All snakes can swim, although some are better than others. One of the most powerful species alive today is the green anaconda ( Eunectes murinus). Perfectly at home in the rivers and swamps of the Amazon, it has eyes that face upward like a crocodile, allowing the creature to sweep muddy shores in search of prey – hiding its muscular coils beneath the surface of the water.
This is why anacondas are also called “water boas.” The shoe fits, or it would if they had feet. Besides the green anaconda, science recognizes three other species: the yellow anaconda, the black-spotted anaconda, and the Bolivian anaconda. All four belong to the boa family, and they are all originally from South America.
At every metric, the green anaconda stands out. He’s arguably the biggest snake in the world. However, trying to determine the maximum size of the animal poses many challenges.
The long and short of it
Amazonian folklore is full of stories about giant monster snakes ranging from 18.2 to 30.4 meters in length. The fossil record tells us that a colossal snake really slipped across the continent 60 million years ago. Named Titanoboa, it is said to have reached 15.2 meters in total length and weighed around 2.5 tons (2.26 metric tons).
Well, green anacondas are nowhere near that size.

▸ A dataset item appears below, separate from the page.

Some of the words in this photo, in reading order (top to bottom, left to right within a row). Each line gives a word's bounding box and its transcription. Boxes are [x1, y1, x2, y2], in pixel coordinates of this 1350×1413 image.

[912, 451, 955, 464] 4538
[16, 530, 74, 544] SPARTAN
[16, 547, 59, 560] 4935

A common length for this species is around 19.7 feet (6 meters) – although males, being the smaller of the two sexes, rarely exceed 13.1 feet (4 meters). The largest anaconda ever reliably documented was 8.3 meters long.

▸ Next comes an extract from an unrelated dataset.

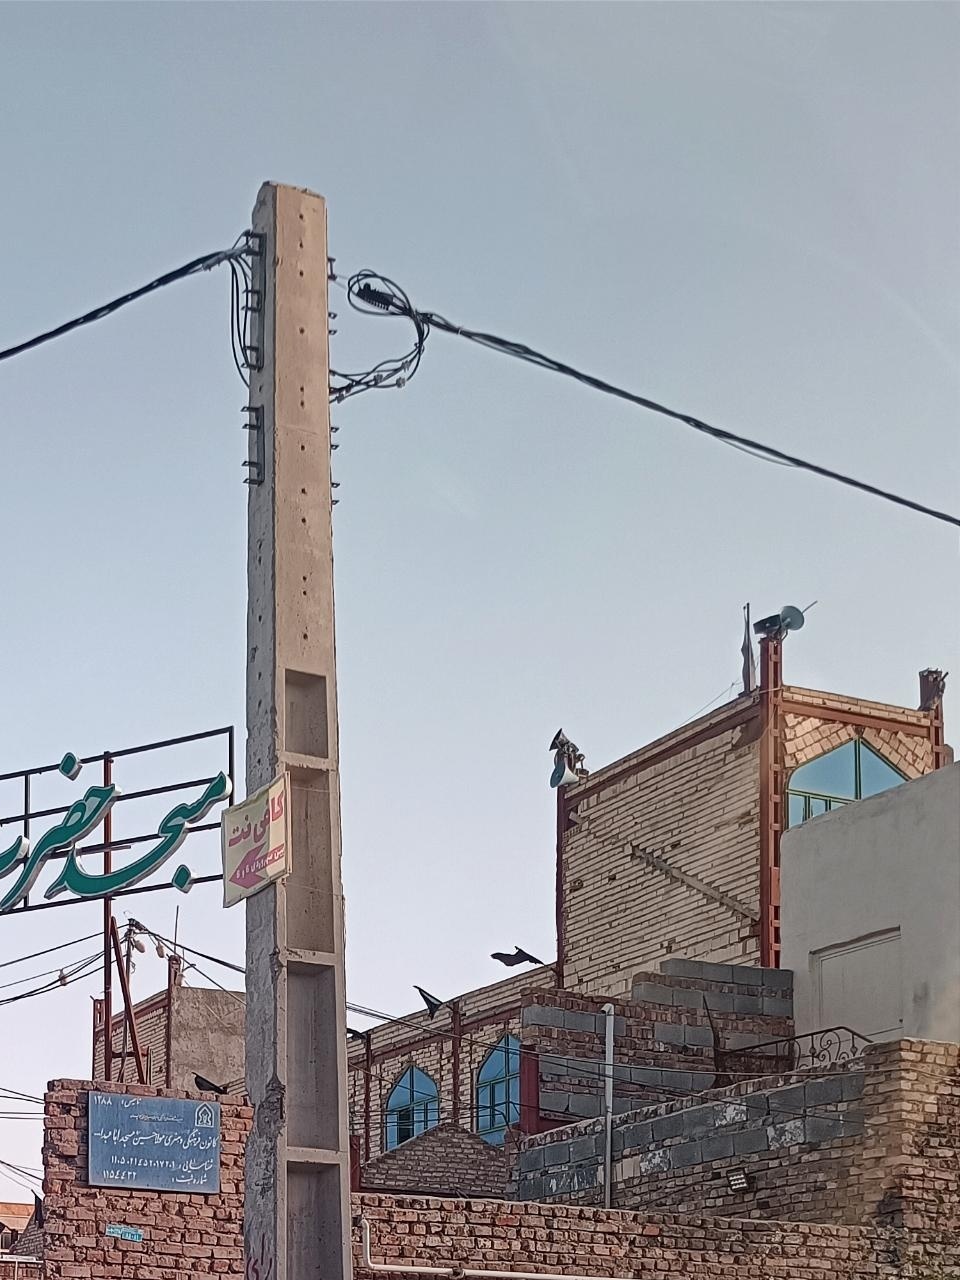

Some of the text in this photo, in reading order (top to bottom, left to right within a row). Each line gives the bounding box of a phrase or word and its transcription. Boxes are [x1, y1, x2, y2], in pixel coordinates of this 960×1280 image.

[44, 771, 231, 899] مسجد
[228, 790, 285, 848] کافی نت
[199, 1136, 220, 1150] کانون

Still, rumors of anacondas growing two or three times the size persist. Some of the claims are based on huge skins cut from dead snakes. The problem is, these are really easy to distort. Even if you don’t try.
Herpetologist William H. Lamar proved this point in 1978, when he killed a large wild anaconda. The freshly killed corpse measured a respectable length of 24.58 feet (or 7.49 meters). After skinning the reptile, Lamar measured its disembodied skin. Despite his best efforts, he couldn’t avoid stretching the skin as he worked, resulting in a post-mortem length of 10.54 meters (34.58 feet).
The largest and bulkier Eunectes murinus can weigh 200 kilograms or more. So, as a species, the green anaconda is considered the heaviest snake in the world – but not necessarily the longest.
Lengthwise, the Asian reticulated python likely beat it. According to Chris Mattison’s “The New Snake Encyclopedia,” there have been “several authenticated reports” of large “retics” measuring about 8.5 meters from end to end.
Anacondas have an affinity for slow-moving rivers, muddy swamps, and seasonally flooded plains. They rarely venture far from running or standing water – although some species may choose to hunt in forests on occasion.
Not only do snakes have eyeballs located at the top of their head, but the nostrils are located in this region as well. So a swimming or soaking anaconda can easily see and smell what is happening above the water. This makes the capture of prey much easier for these semi-aquatic reptiles.
Anacondas kill by constriction, using their jaws to grab the victim before immobilizing them with tightly coiled coils. Naturalists believed that snakes that used this technique actually strangled their prey. However, according to new research involving the red-tailed boa ( Boa constrictor), the real cause of death is cardiac arrest.
Wild anacondas feed on fish, lizards, birds, bird eggs, other snakes, carrion and a variety of mammals. Adults are known to swallow caimans: fiery crocodilians related to alligators. Another notable beast often taken by large anacondas is the capybara. The largest rodents on Earth, capybaras are herbivores with hairy legs that stand around 0.48 meters tall.
Being amphibious, they regularly cross anacondas. And mammals know how to fight: Older anacondas sometimes exhibit bite wounds left by the capybaras they attacked.
At this point, you’re probably wondering if people are on the menu. There is no doubt that a sufficiently large green anaconda could kill and eat a human. Yet no such incident has ever been confirmed.
That said, anacondas — like most creatures — will defend themselves if cornered. While none of these snakes are poisonous, they can inflict deep bites. Snakes can also secrete a foul-smelling liquid when in distress.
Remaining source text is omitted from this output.